As Garrison Keilor was fond of saying on Prairie Home Companion, “it’s been a slow week” at the ranch, but then most weeks blissfully are. Recently we had concrete poured in two places at Hidden Falls Ranch. One wag on seeing the results of our concrete work harrumphed, “Looks to me like you have built two of the world’s shortest roads!”
Admittedly the concrete slabs measure only 36 and 55 feet in length, much too short certainly to qualify for roads. If you look carefully though you may be able to determine that these are really low water crossings.
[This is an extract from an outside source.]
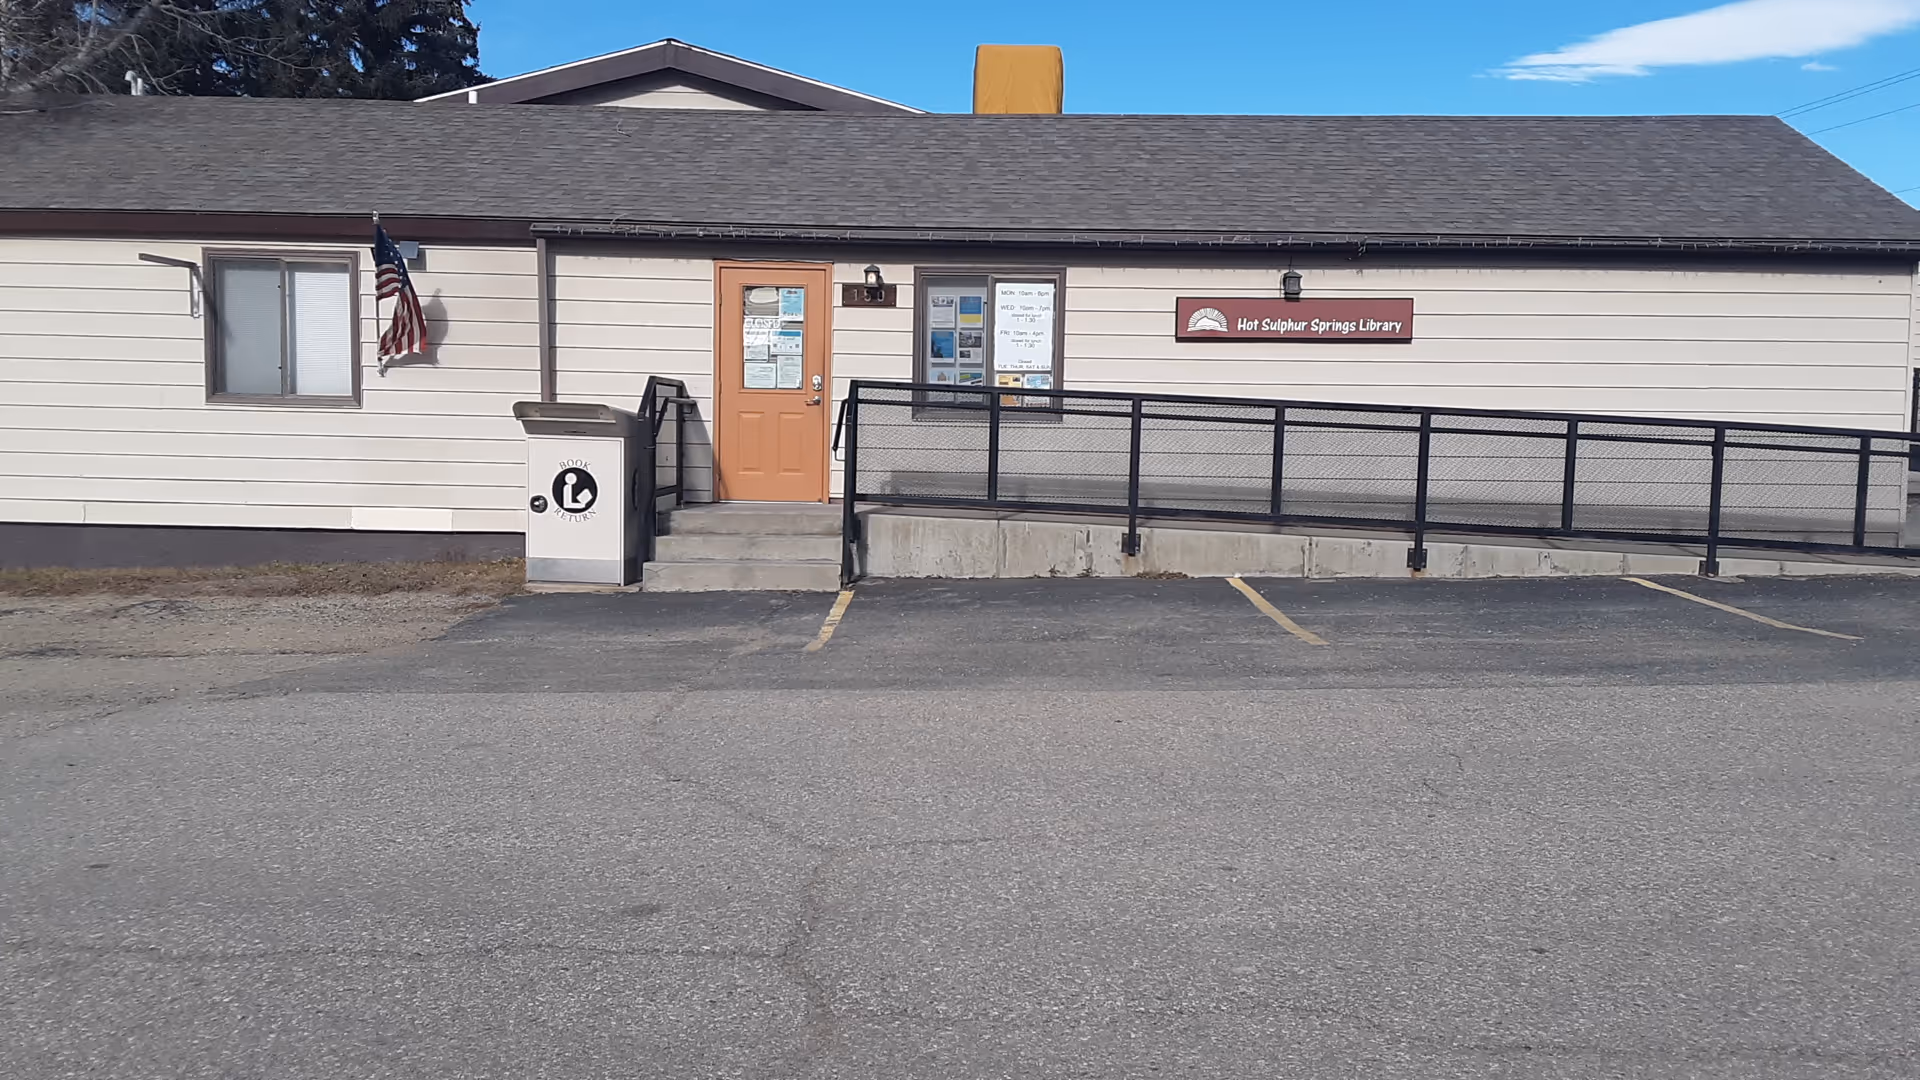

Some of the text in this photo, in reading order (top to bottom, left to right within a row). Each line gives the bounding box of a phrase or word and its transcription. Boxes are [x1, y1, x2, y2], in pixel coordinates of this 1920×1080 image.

World’s shortest road? No, actually a new low water crossing at Hidden Falls Ranch- Photos by Ramsey Hutton
One of the slabs is where the outflow from our spring-fed stock tank (pond to those non-Texans reading this), and the other concrete slab allows traffic to pass unhindered over Sugar Creek. These low water crossings remain treacherous though if a flash flood occurs.
Generally these areas though are dry and easy to cross. Nevertheless, during a rainy spell, both can become muddy quagmires. Previously I’ve become stuck even when driving my four-wheel drive pickup or our John Deere utility vehicle. Thank goodness for a tractor and ranch hand to extract me from the muck.
Two 12-inch aluminum pipes traverse the concrete slab at Sugar Creek. This allows the water to flow under the slab and for the dogs and me to keep our paws (feet) dry.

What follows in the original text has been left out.